**WHAT TO WORK ON**
The reply should contain every entry exactly as given, with no pictures in it.

**DATASET EXTRACT**

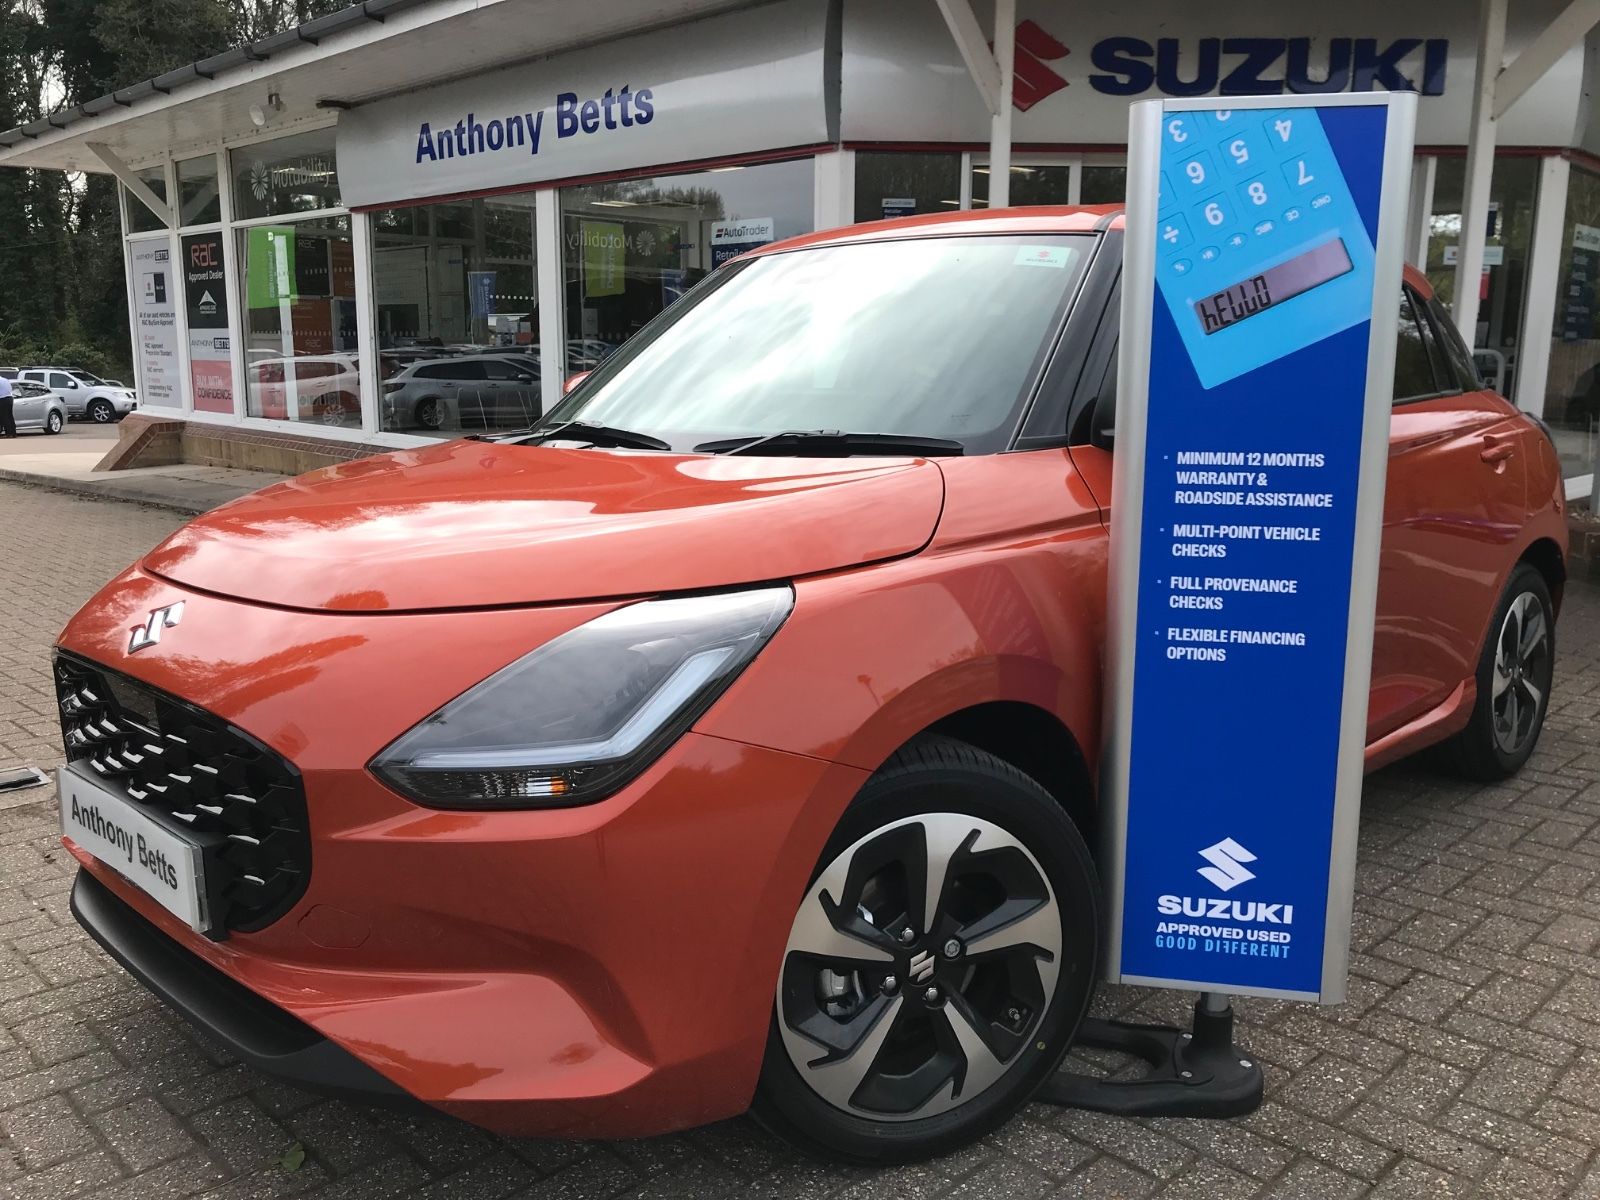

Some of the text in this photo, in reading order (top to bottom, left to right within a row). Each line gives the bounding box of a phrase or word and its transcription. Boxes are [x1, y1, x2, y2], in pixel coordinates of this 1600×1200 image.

[1088, 36, 1449, 97] SUZUKI
[416, 84, 654, 164] Anthony Betts
[1168, 120, 1187, 142] 3
[1274, 119, 1293, 143] 4
[1230, 140, 1249, 165] 5
[271, 157, 331, 190] Motability
[1298, 161, 1314, 185] 7
[1248, 181, 1267, 206] 8
[723, 225, 769, 238] AutoTrader
[188, 270, 224, 283] Approved Dealer
[1177, 452, 1325, 467] MINIMUM 12 MONTHS
[1176, 471, 1268, 486] WARRANTY &
[1175, 491, 1333, 507] ROADSIDE ASSISTANCE
[1173, 524, 1321, 541] MULTI-POINT VEHICLE
[1172, 544, 1227, 558] CHECKS
[1170, 576, 1298, 593] FULL PROVENANCE
[1169, 595, 1224, 610] CHECKS
[1167, 628, 1306, 646] FLEXIBLE FINANCING
[1166, 646, 1226, 661] OPTIONS
[71, 794, 178, 890] Anthony Betts
[1157, 895, 1293, 924] SUZUKI
[1156, 922, 1291, 943] APPROVED USED
[1155, 935, 1291, 958] GOOD DIFFERENT
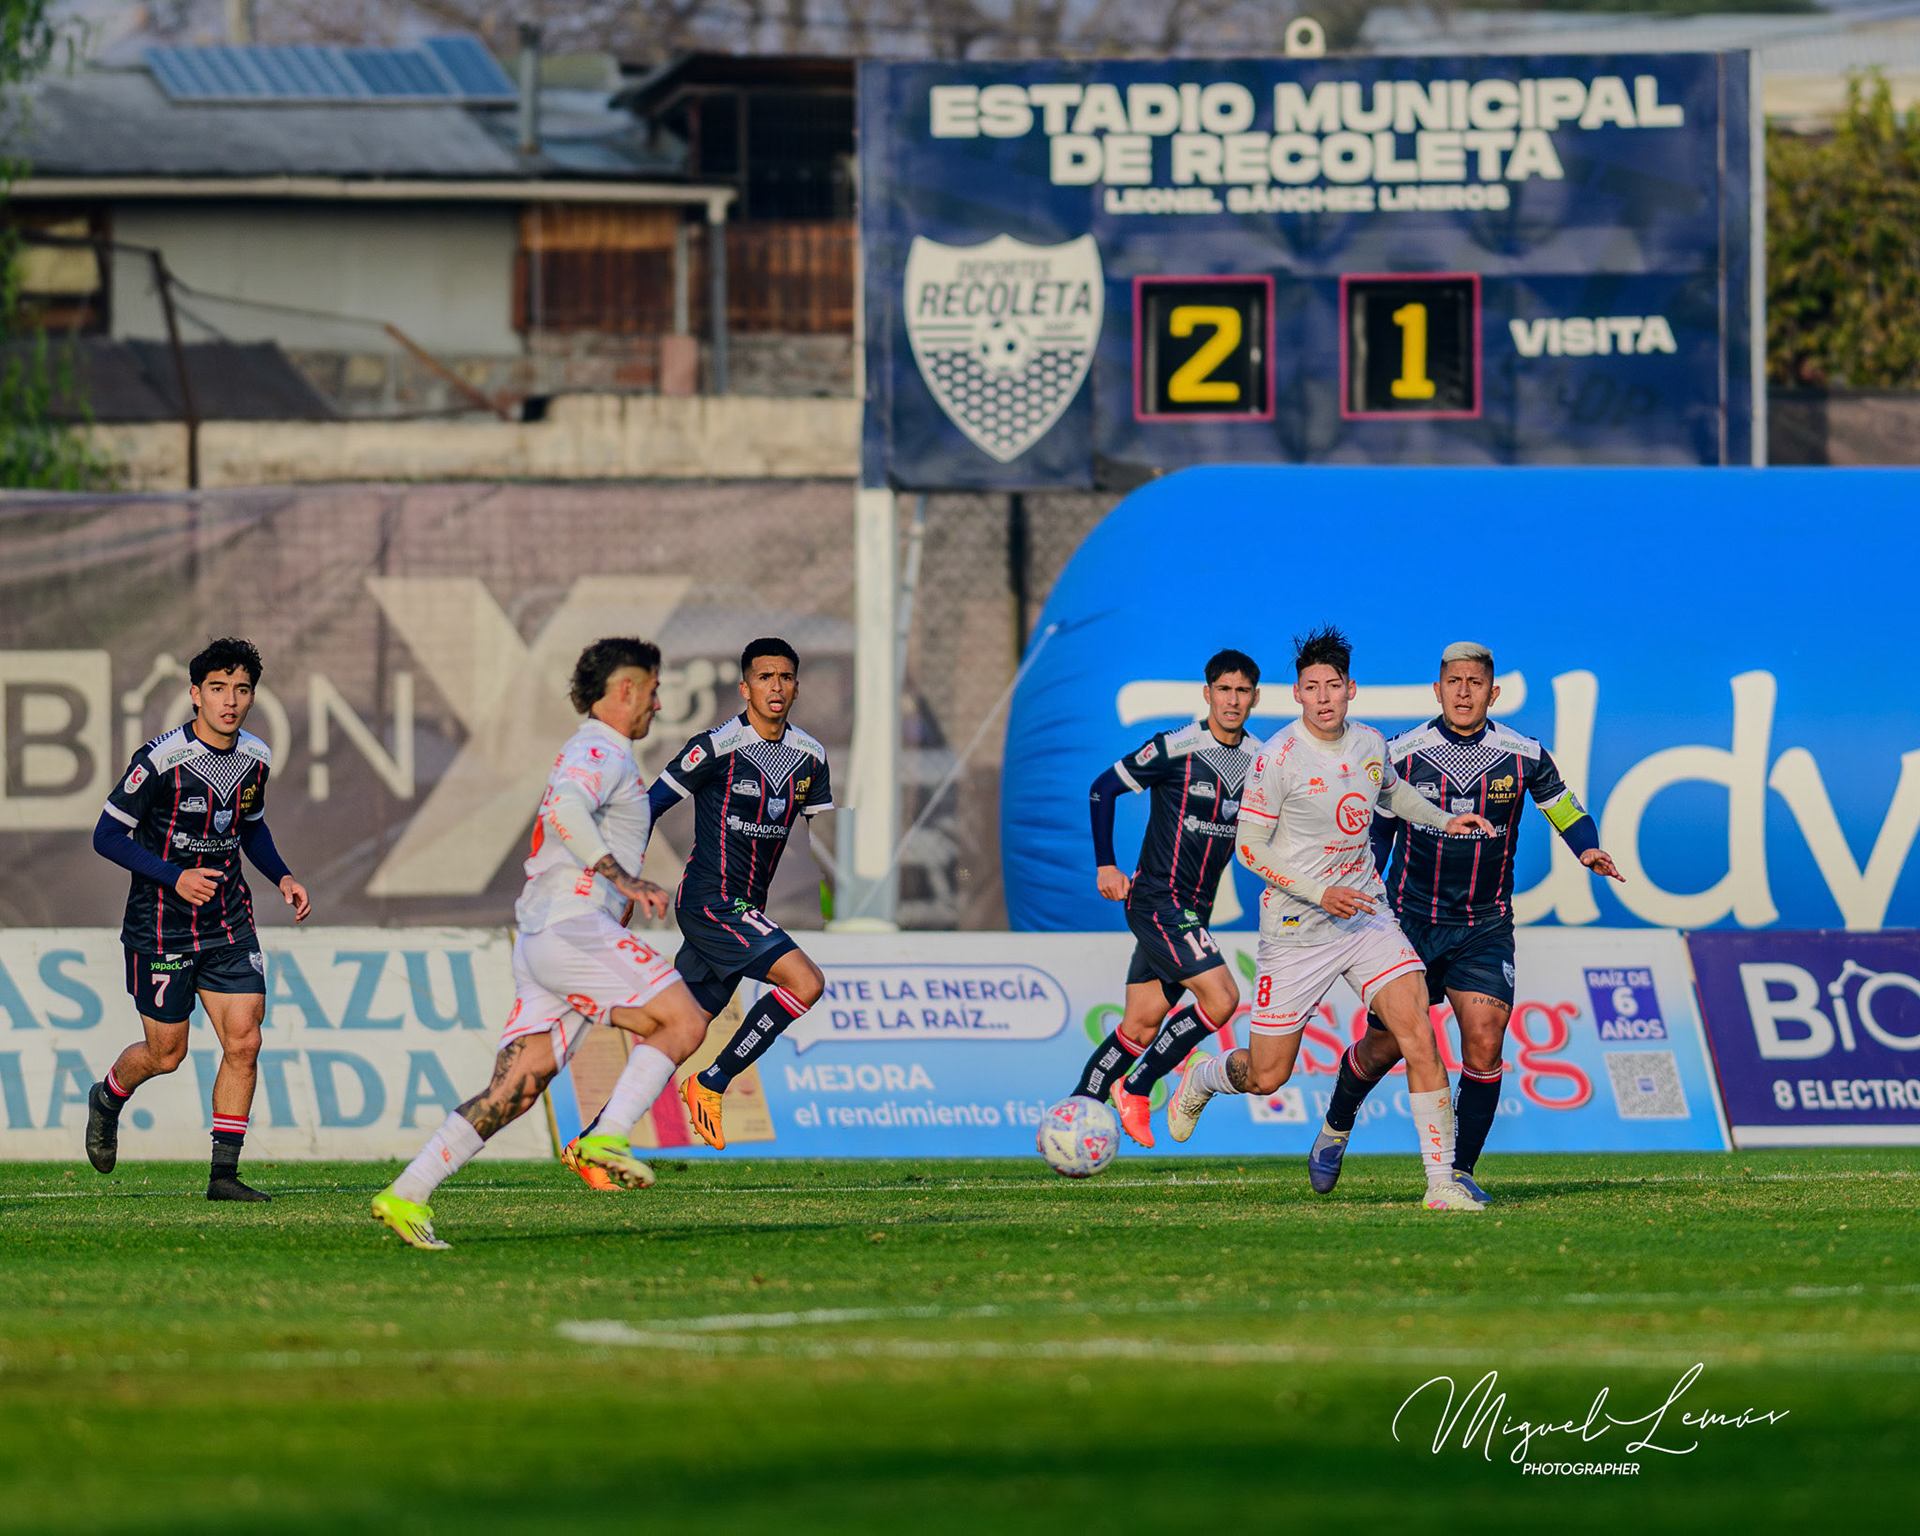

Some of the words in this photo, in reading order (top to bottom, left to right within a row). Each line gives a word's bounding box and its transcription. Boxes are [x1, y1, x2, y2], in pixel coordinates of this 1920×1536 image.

[930, 83, 1255, 138] ESTADIO
[1273, 75, 1685, 134] MUNICIPAL
[1050, 132, 1152, 186] DE
[1171, 128, 1565, 185] RECOLETA
[1104, 187, 1224, 214] LEONEL
[1226, 183, 1376, 214] SÁNCHEZ
[1378, 184, 1511, 211] LINEROS
[956, 259, 1053, 279] DEPORTES
[917, 281, 1092, 318] RECOLETA
[1390, 303, 1435, 399] 1
[1509, 315, 1677, 358] VISITA
[1167, 304, 1242, 402] 2
[1487, 792, 1517, 801] MARLEY
[1183, 926, 1220, 961] 14
[151, 973, 171, 1008] 7
[880, 979, 917, 1001] LA
[925, 974, 1049, 1001] ENERGÍA
[1257, 975, 1272, 1008] 8
[1587, 968, 1623, 988] RAÍZ
[1627, 971, 1651, 987] DE
[830, 1009, 870, 1030] DE
[877, 1009, 915, 1030] LA
[921, 1003, 1010, 1030] RAÍZ...
[1611, 987, 1638, 1018] 6
[1601, 1017, 1665, 1040] AÑOS
[783, 1063, 935, 1092] MEJORA
[1772, 1079, 1795, 1110] 8
[794, 1101, 820, 1127] el
[826, 1100, 1000, 1127] rendimiento
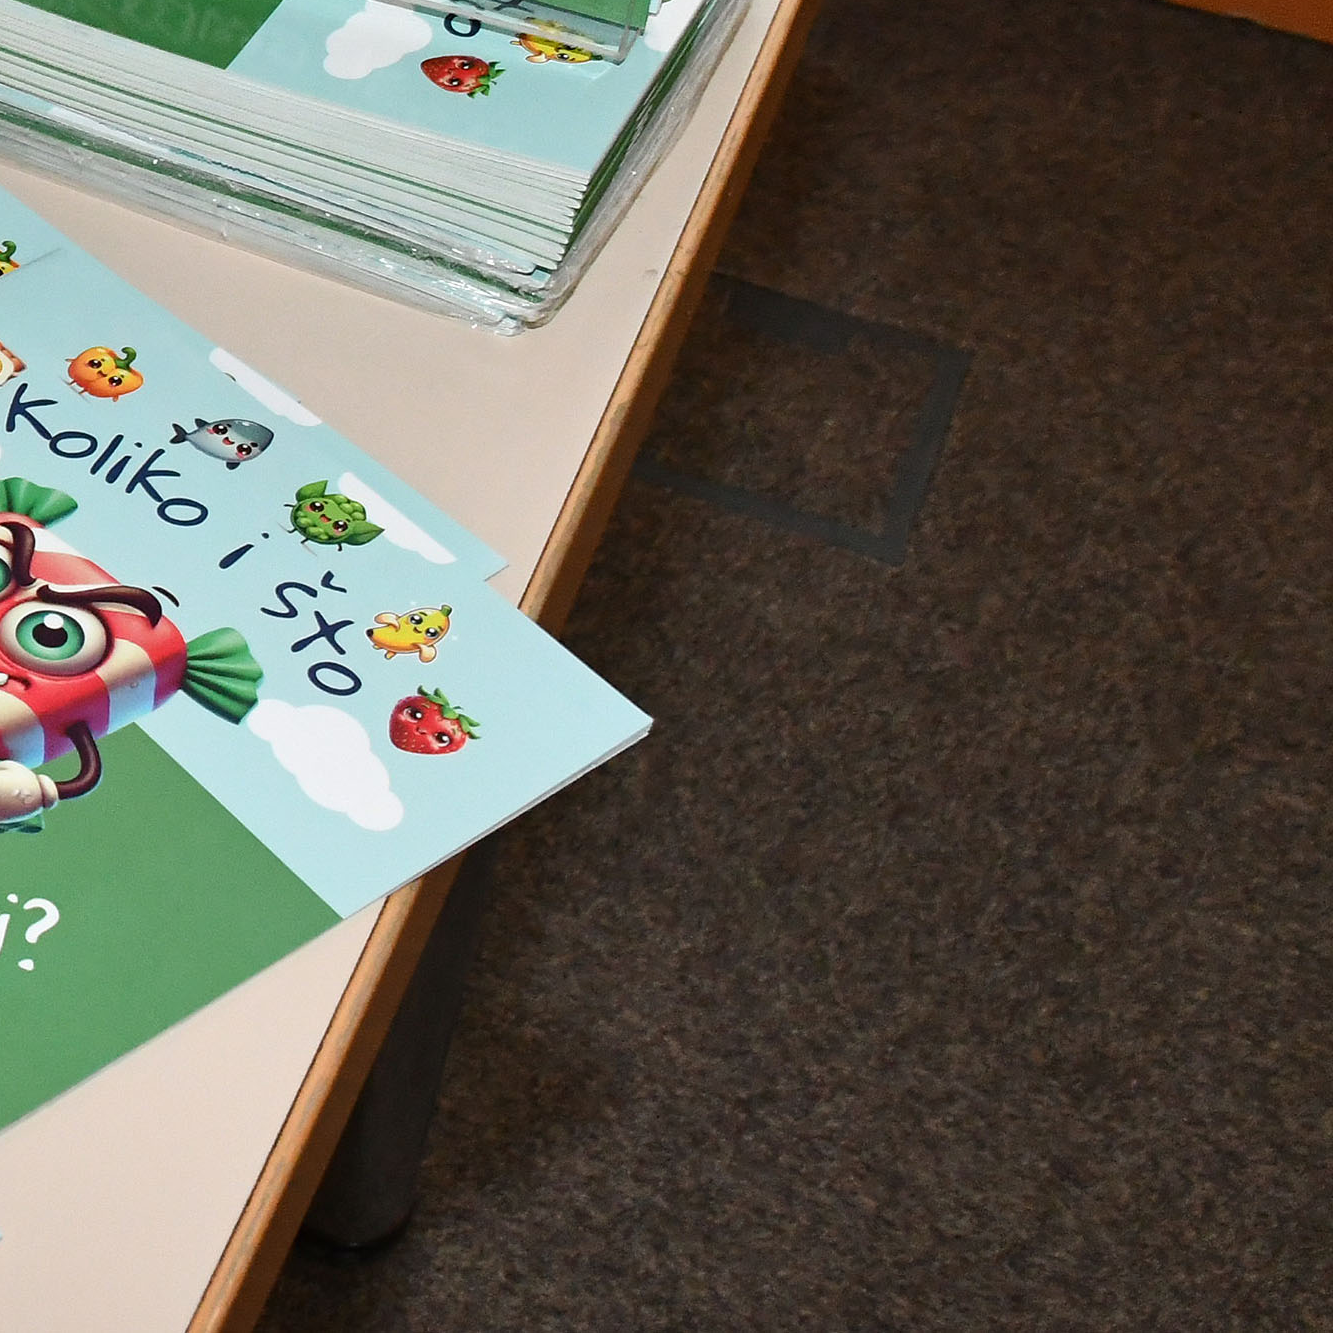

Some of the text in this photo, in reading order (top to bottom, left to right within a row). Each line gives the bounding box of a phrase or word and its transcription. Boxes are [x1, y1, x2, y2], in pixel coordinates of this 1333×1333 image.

**EXERCISE RESPONSE**
Some of the text in this photo, in reading order (top to bottom, left to right within a row). Each line gives the bounding box of a phrase or word and its transcription. Boxes are [x1, y1, x2, y2], in pixel coordinates of this 1600×1200 image.

[1088, 36, 1449, 97] SUZUKI
[416, 84, 654, 164] Anthony Betts
[1168, 120, 1187, 142] 3
[1274, 119, 1293, 143] 4
[1230, 140, 1249, 165] 5
[271, 157, 331, 190] Motability
[1298, 161, 1314, 185] 7
[1248, 181, 1267, 206] 8
[723, 225, 769, 238] AutoTrader
[188, 270, 224, 283] Approved Dealer
[1177, 452, 1325, 467] MINIMUM 12 MONTHS
[1176, 471, 1268, 486] WARRANTY &
[1175, 491, 1333, 507] ROADSIDE ASSISTANCE
[1173, 524, 1321, 541] MULTI-POINT VEHICLE
[1172, 544, 1227, 558] CHECKS
[1170, 576, 1298, 593] FULL PROVENANCE
[1169, 595, 1224, 610] CHECKS
[1167, 628, 1306, 646] FLEXIBLE FINANCING
[1166, 646, 1226, 661] OPTIONS
[71, 794, 178, 890] Anthony Betts
[1157, 895, 1293, 924] SUZUKI
[1156, 922, 1291, 943] APPROVED USED
[1155, 935, 1291, 958] GOOD DIFFERENT

Some of the words in this photo, in reading order (top to bottom, left to right within a row). Each line gives a word's bounding box and its transcription. Boxes are [x1, y1, x2, y2], in pixel coordinates of this 1920×1536 image.

[930, 83, 1255, 138] ESTADIO
[1273, 75, 1685, 134] MUNICIPAL
[1050, 132, 1152, 186] DE
[1171, 128, 1565, 185] RECOLETA
[1104, 187, 1224, 214] LEONEL
[1226, 183, 1376, 214] SÁNCHEZ
[1378, 184, 1511, 211] LINEROS
[956, 259, 1053, 279] DEPORTES
[917, 281, 1092, 318] RECOLETA
[1390, 303, 1435, 399] 1
[1509, 315, 1677, 358] VISITA
[1167, 304, 1242, 402] 2
[1487, 792, 1517, 801] MARLEY
[1183, 926, 1220, 961] 14
[151, 973, 171, 1008] 7
[880, 979, 917, 1001] LA
[925, 974, 1049, 1001] ENERGÍA
[1257, 975, 1272, 1008] 8
[1587, 968, 1623, 988] RAÍZ
[1627, 971, 1651, 987] DE
[830, 1009, 870, 1030] DE
[877, 1009, 915, 1030] LA
[921, 1003, 1010, 1030] RAÍZ...
[1611, 987, 1638, 1018] 6
[1601, 1017, 1665, 1040] AÑOS
[783, 1063, 935, 1092] MEJORA
[1772, 1079, 1795, 1110] 8
[794, 1101, 820, 1127] el
[826, 1100, 1000, 1127] rendimiento

Some of the text in this photo, in reading order (top to bottom, left to right within a row). Each line gives the bounding box of a phrase or word and its transcription. Boxes are [x1, y1, x2, y2], in pixel coordinates of this 1333×1333 image.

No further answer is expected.